If typical Python programs spend so enough time updating hash tables
for a hack like this to be of any benefit, Python itself is seriously
mis-designed and needs to be fixed.

I dunno - you might be right, and you might be wrong. I was just pointing out
that there may be standard operations that can be made lazy and benefit from
background tasks to complete before they are needed for use by the Python
code.

Given that Python is highly dependent upon dictionaries, I would think a lot
of the processor time used by a Python app is spent in updating hash tables.
That guess could be right or wrong, bus assuming it's right, is that a design
flaw? That's just a language spending most of its time handling the
constructs it is based on. What else would it do?

Paul Rubin · Sep 6, 2005

Steve Jorgensen said:
Given that Python is highly dependent upon dictionaries, I would
think a lot of the processor time used by a Python app is spent in
updating hash tables. That guess could be right or wrong, bus
assuming it's right, is that a design flaw? That's just a language
spending most of its time handling the constructs it is based on.
What else would it do?

I don't believe it's right based on half-remembered profiling discussions
I've seen here. I haven't profiled CPython myself. However, if tuning
the rest of the implementation makes hash tables a big cost, then the
implementation, and possibly the language, should be updated to not
have to update hashes so much. For example,

x.y = 3

currently causes a hash update in x's internal dictionary. But either
some static type inference or a specializing compiler like psyco could
optimize the hash lookup away, and just update a fixed slot in a table.

Michael Sparks · Sep 6, 2005

Jeremy said:
Ummmm....not totally. It depends on what you're doing.

Yes, it does. Hence why I said personal perspective.

Sort of. Steve
brings up an interesting argument of making the language do some of your
thinking for you. Maybe I'll address that momentarily....

Personally I think that the language and tools will have to help. I'm
working on the latter, I hope the GIL goes away to help with the former,
but does so in an intelligent manner. Why am I working on the latter?

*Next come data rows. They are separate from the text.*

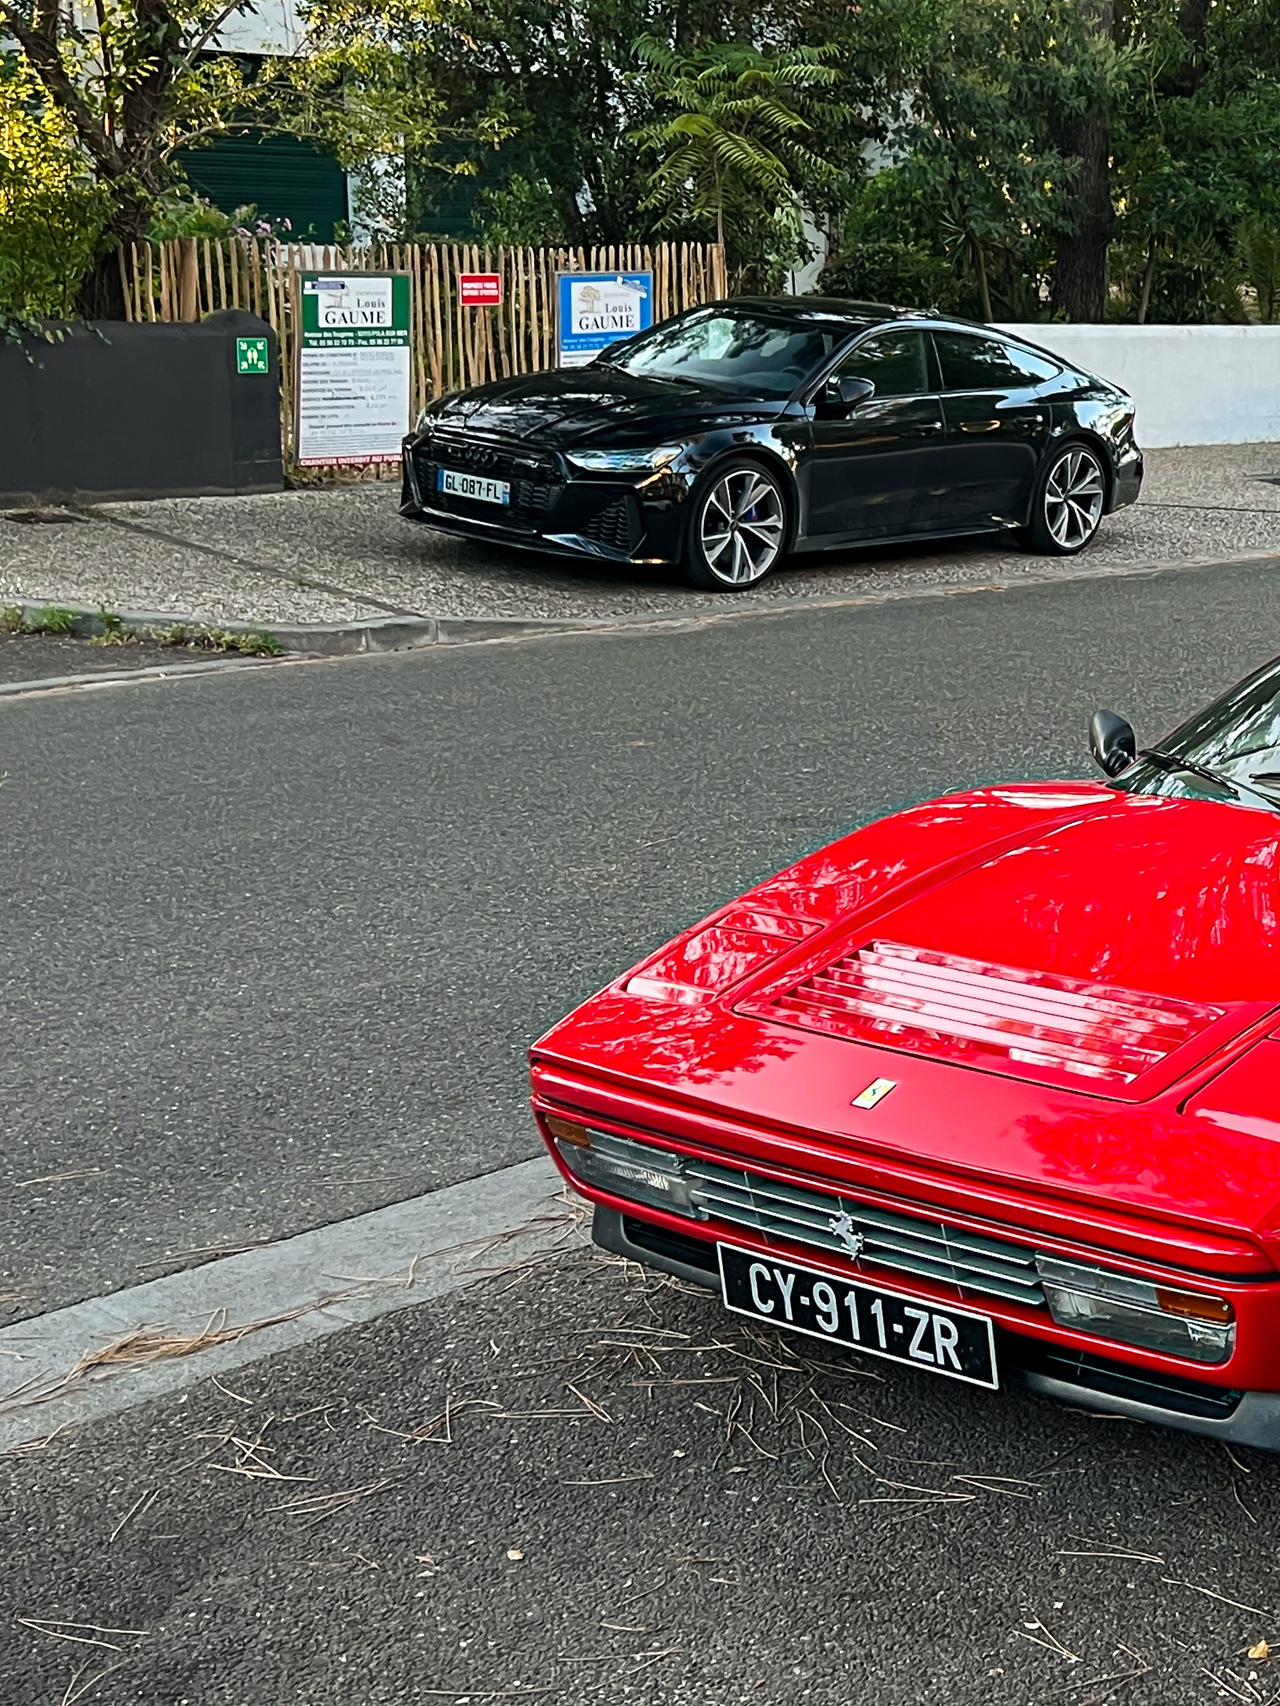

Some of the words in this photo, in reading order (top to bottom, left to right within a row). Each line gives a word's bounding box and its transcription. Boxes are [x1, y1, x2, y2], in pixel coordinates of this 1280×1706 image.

[357, 298, 386, 308] Louis
[605, 303, 633, 313] Louis
[325, 311, 386, 325] GAUME
[579, 315, 635, 331] GAUME
[445, 474, 501, 500] GL-087-FL
[749, 1262, 963, 1371] CY-911-ZR
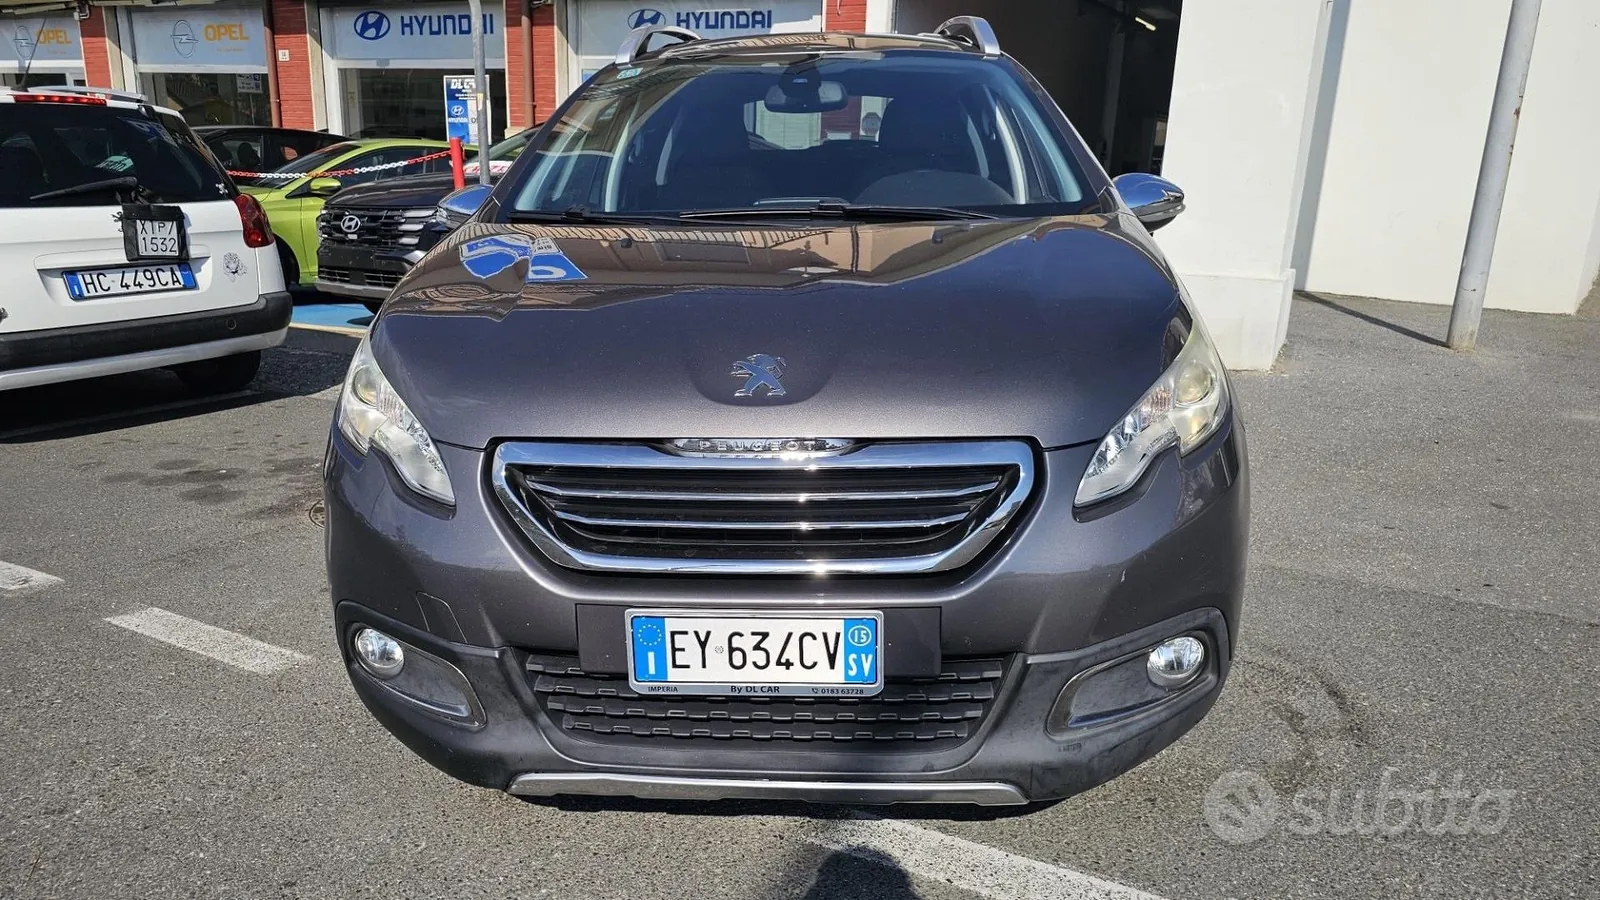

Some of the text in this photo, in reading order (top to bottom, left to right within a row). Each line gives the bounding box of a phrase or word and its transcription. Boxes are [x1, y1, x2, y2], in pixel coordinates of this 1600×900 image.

I work with naturally concurrent systems all the time, and they're
concurrent not for performance reasons, but simply because that's what they
are. And as a result I want concurrency easy to deal with, and efficiency as
a secondary concern. However in that scenario, having multiple CPU's not
being utilised sensibly *is* a concern to me.

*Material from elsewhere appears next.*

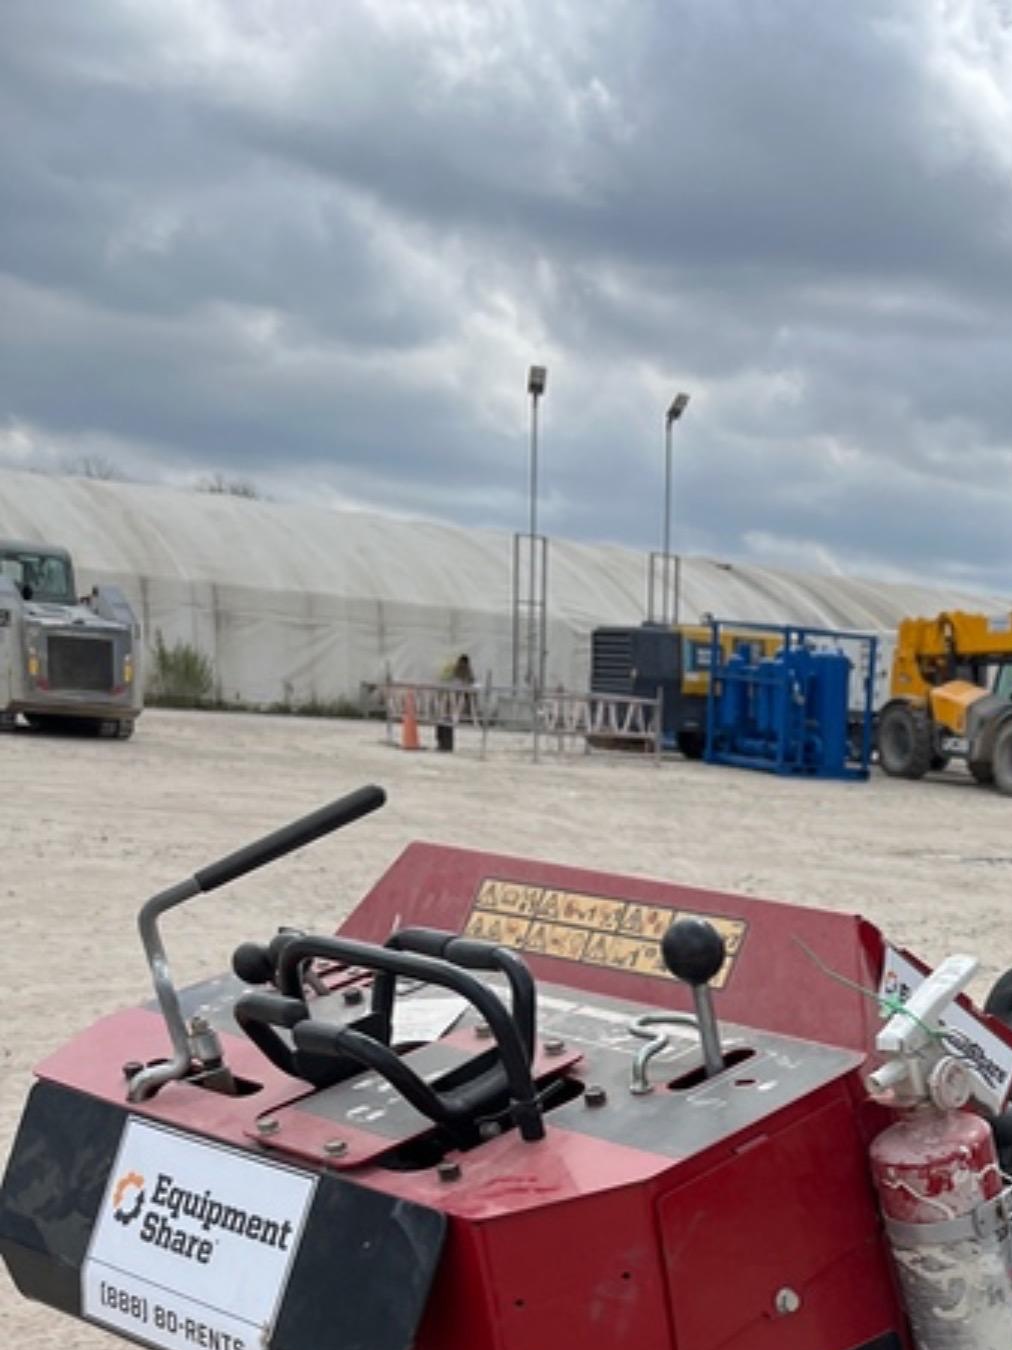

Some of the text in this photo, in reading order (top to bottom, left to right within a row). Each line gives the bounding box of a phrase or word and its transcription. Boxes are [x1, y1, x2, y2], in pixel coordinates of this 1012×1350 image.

[151, 1174, 292, 1251] Equipment
[140, 1213, 214, 1264] Share
[100, 1280, 149, 1325] (888)

I'm not saying I wish the GIL would stay around. I wish it would go.
As the price of computers goes down, the number of CPUs per computer
goes up, and the price per CPU in a single system goes down, the ability
to utilize a bunch of CPUs is going to become more important.

And maybe
Steve's magical thinking programming language will have a ton of merit.

I see no reason to use such derisory tones, though I'm sure you didn't mean
it that way. (I can see you mean it as extreme skepticism though

But let me play devil's advocate for
a sec. Let's say we *could* fully utilize a multi CPU today with
Python. ....
I would almost bet money that the majority of code would
not be helped by that at all.

Are you so sure? I suspect this is due to you being used to writing code
that is designed for a single CPU system. What if you're basic model of
system creation changed to include system composition as well as
function calls? Then each part of the system you compose can potentially
run on a different CPU. Take the following for example:

(sorry for the length, I prefer real examples

Graphline(
EXIT = ExceptionRaiser("FORCED SYSTEM QUIT"),
MOUSE = Multiclick(caption="",
position=(0,0),
transparent=True,
msgs = [ "", "NEXT", "FIRST", "PREV", "PREV","NEXT" ],
size=(1024,768)),
KEYS = KeyEvent(outboxes = { "slidecontrol" : "Normal place for message",
"shutdown" : "Place to send some shutdown messages",
"trace" : "Place for trace messages to go",
},
key_events = {112: ("PREV", "slidecontrol"),
110: ("NEXT","slidecontrol"),
113: ("QUIT", "shutdown"),
}),
SPLITTER = Splitter(outboxes = {"totimer" : "For sending copies of key events to the timer",
"tochooser" : "This is the primary location for key events",
}),
TIMER = TimeRepeatMessage("NEXT",3),
FILES = Chooser(items = files, loop=True),
DISPLAY = Image(size=(1024,768),
position=(0,0),
maxpect=(1024,768) ),
linkages = {
("TIMER", "outbox") : ("FILES", "inbox"),

("MOUSE", "outbox") : ("SPLITTER", "inbox"),
("KEYS", "slidecontrol") : ("SPLITTER", "inbox"),
("SPLITTER", "tochooser") : ("FILES", "inbox"),
("SPLITTER", "totimer") : ("TIMER", "reset"),

("KEYS", "shutdown") : ("EXIT", "inbox"),
("FILES", "outbox") : ("DISPLAY", "inbox"),
}
).run()

What does that do? Its a slideshow program for display pictures. There's a
small amount of setup before this (identifying files for display, imports, etc),
but that's by far the bulk of the system.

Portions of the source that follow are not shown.